- **EXERCISE**: The entries must be restated exactly as written.

(Recorded data)
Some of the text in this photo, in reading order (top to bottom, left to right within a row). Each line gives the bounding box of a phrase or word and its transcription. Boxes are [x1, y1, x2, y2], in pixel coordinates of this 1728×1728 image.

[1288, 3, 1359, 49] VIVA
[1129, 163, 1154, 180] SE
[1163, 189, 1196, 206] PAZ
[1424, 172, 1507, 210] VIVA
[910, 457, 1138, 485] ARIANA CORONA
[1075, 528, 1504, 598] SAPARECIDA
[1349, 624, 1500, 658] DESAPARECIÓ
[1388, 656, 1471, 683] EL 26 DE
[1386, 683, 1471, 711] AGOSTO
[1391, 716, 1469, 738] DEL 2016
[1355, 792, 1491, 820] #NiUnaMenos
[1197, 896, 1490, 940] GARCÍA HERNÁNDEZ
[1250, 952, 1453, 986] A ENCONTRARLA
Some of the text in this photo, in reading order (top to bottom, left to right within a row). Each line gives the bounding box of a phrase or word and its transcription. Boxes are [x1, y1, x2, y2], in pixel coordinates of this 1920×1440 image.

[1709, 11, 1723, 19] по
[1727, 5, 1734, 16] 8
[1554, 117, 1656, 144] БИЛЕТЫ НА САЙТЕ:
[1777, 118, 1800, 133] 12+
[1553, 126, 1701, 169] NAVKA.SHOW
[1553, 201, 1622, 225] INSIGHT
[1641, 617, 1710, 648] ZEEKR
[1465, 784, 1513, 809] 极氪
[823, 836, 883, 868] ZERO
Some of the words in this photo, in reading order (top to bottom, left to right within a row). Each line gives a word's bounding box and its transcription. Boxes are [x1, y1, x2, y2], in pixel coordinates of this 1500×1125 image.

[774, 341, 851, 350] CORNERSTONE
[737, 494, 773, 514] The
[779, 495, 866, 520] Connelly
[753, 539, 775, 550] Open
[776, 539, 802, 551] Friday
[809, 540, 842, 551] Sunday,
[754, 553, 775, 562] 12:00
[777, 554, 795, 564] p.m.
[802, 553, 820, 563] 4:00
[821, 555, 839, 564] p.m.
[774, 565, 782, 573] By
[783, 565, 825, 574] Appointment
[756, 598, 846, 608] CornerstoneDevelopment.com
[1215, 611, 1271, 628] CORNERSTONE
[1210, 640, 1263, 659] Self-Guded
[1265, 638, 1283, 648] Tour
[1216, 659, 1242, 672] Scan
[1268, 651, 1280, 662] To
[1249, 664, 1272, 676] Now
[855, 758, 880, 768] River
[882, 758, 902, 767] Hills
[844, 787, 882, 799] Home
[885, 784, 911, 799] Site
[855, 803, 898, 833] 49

- **RESPONSE TO THIS TASK**:
Some of the text in this photo, in reading order (top to bottom, left to right within a row). Each line gives the bounding box of a phrase or word and its transcription. Boxes are [x1, y1, x2, y2], in pixel coordinates of this 1728×1728 image.

[1288, 3, 1359, 49] VIVA
[1129, 163, 1154, 180] SE
[1163, 189, 1196, 206] PAZ
[1424, 172, 1507, 210] VIVA
[910, 457, 1138, 485] ARIANA CORONA
[1075, 528, 1504, 598] SAPARECIDA
[1349, 624, 1500, 658] DESAPARECIÓ
[1388, 656, 1471, 683] EL 26 DE
[1386, 683, 1471, 711] AGOSTO
[1391, 716, 1469, 738] DEL 2016
[1355, 792, 1491, 820] #NiUnaMenos
[1197, 896, 1490, 940] GARCÍA HERNÁNDEZ
[1250, 952, 1453, 986] A ENCONTRARLA
Some of the text in this photo, in reading order (top to bottom, left to right within a row). Each line gives the bounding box of a phrase or word and its transcription. Boxes are [x1, y1, x2, y2], in pixel coordinates of this 1920×1440 image.

[1709, 11, 1723, 19] по
[1727, 5, 1734, 16] 8
[1554, 117, 1656, 144] БИЛЕТЫ НА САЙТЕ:
[1777, 118, 1800, 133] 12+
[1553, 126, 1701, 169] NAVKA.SHOW
[1553, 201, 1622, 225] INSIGHT
[1641, 617, 1710, 648] ZEEKR
[1465, 784, 1513, 809] 极氪
[823, 836, 883, 868] ZERO
Some of the words in this photo, in reading order (top to bottom, left to right within a row). Each line gives a word's bounding box and its transcription. Boxes are [x1, y1, x2, y2], in pixel coordinates of this 1500×1125 image.

[774, 341, 851, 350] CORNERSTONE
[737, 494, 773, 514] The
[779, 495, 866, 520] Connelly
[753, 539, 775, 550] Open
[776, 539, 802, 551] Friday
[809, 540, 842, 551] Sunday,
[754, 553, 775, 562] 12:00
[777, 554, 795, 564] p.m.
[802, 553, 820, 563] 4:00
[821, 555, 839, 564] p.m.
[774, 565, 782, 573] By
[783, 565, 825, 574] Appointment
[756, 598, 846, 608] CornerstoneDevelopment.com
[1215, 611, 1271, 628] CORNERSTONE
[1210, 640, 1263, 659] Self-Guded
[1265, 638, 1283, 648] Tour
[1216, 659, 1242, 672] Scan
[1268, 651, 1280, 662] To
[1249, 664, 1272, 676] Now
[855, 758, 880, 768] River
[882, 758, 902, 767] Hills
[844, 787, 882, 799] Home
[885, 784, 911, 799] Site
[855, 803, 898, 833] 49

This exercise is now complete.